EXERCISE DIRECTIONS
Output the entries below exactly as written, omitting pictures.

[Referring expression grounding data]

BEGIN

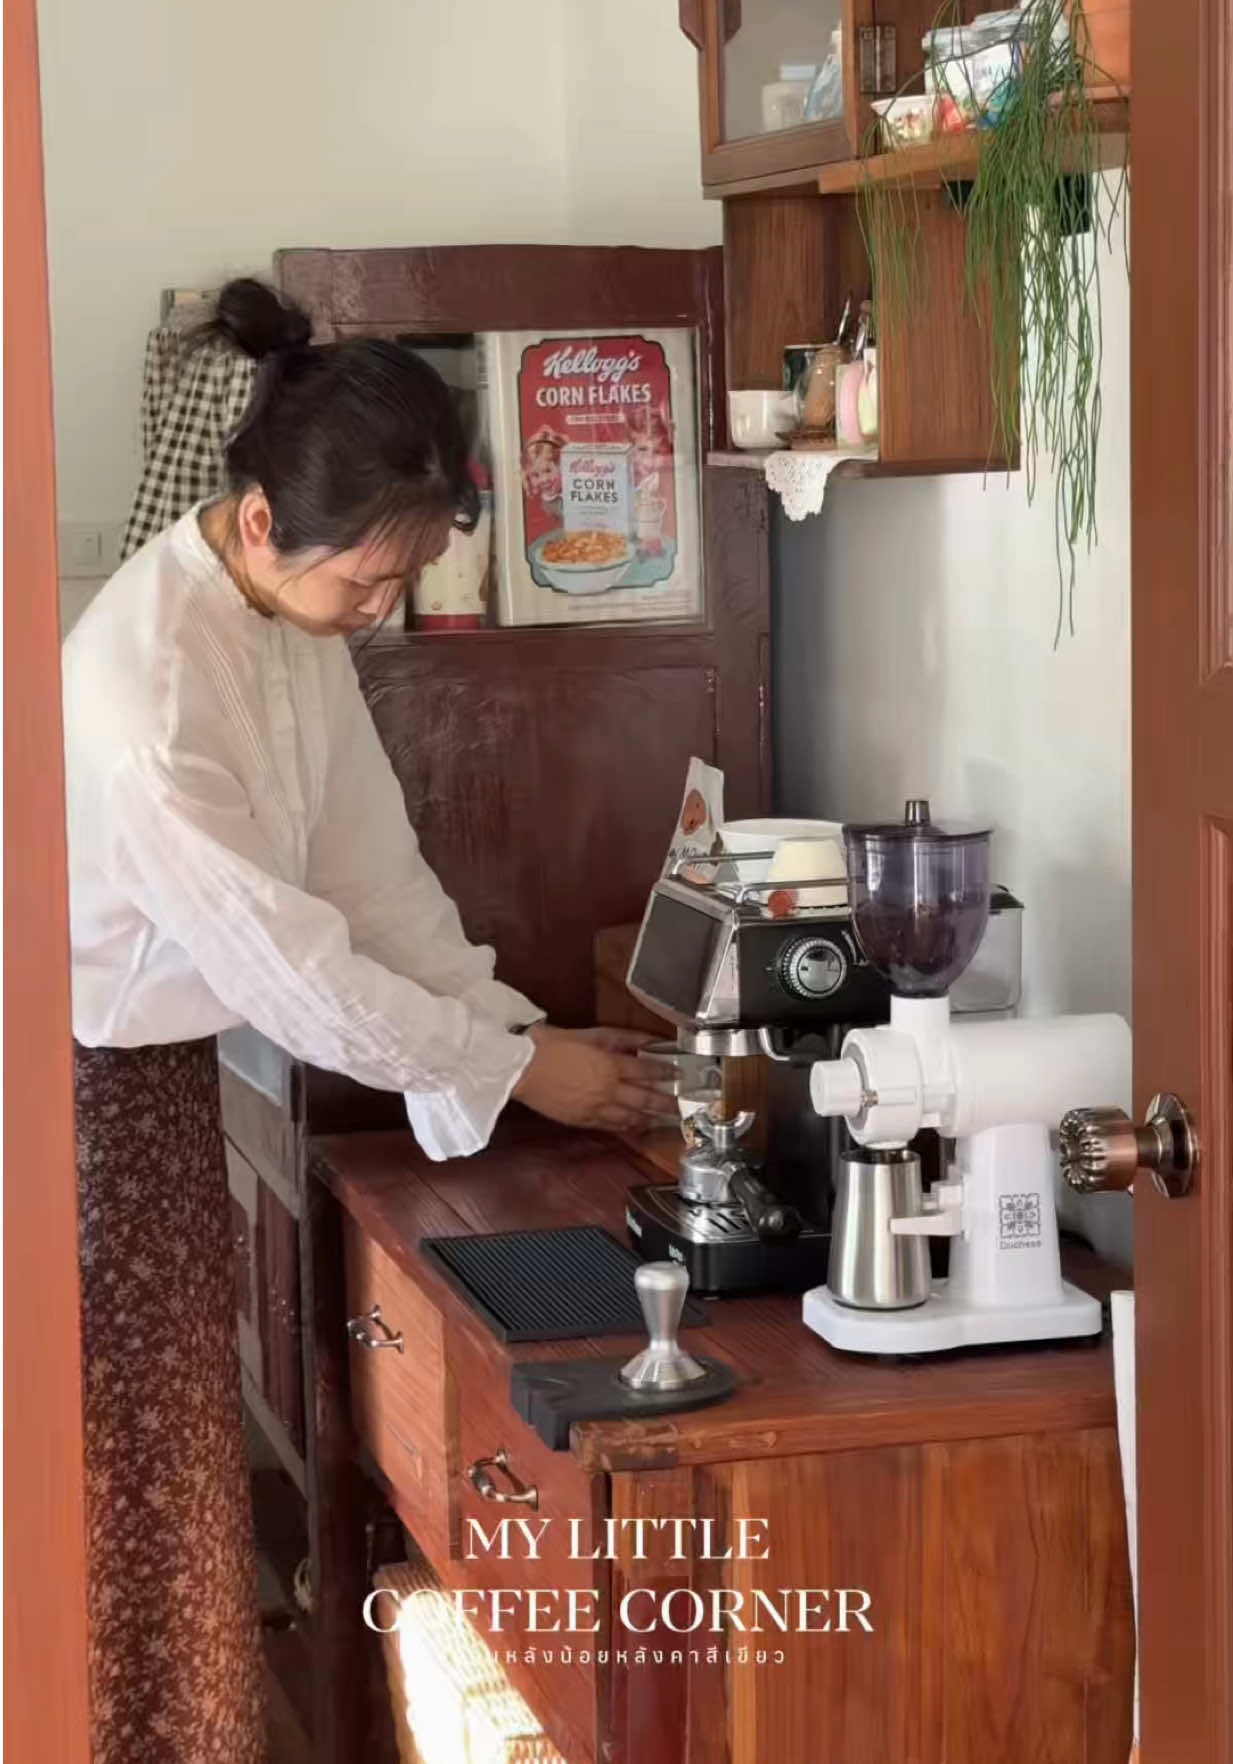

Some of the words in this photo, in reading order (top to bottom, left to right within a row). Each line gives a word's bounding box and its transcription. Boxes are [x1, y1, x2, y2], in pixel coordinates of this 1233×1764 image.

[543, 345, 643, 382] Kellogg's
[536, 387, 584, 408] CORN
[588, 383, 652, 405] FLAKES
[572, 478, 615, 491] CORN
[570, 490, 619, 504] FLAKES

END

ANSWER SECTION
Some of the words in this photo, in reading order (top to bottom, left to right within a row). Each line gives a word's bounding box and its transcription. Boxes are [x1, y1, x2, y2], in pixel coordinates of this 1233×1764 image.

[543, 345, 643, 382] Kellogg's
[536, 387, 584, 408] CORN
[588, 383, 652, 405] FLAKES
[572, 478, 615, 491] CORN
[570, 490, 619, 504] FLAKES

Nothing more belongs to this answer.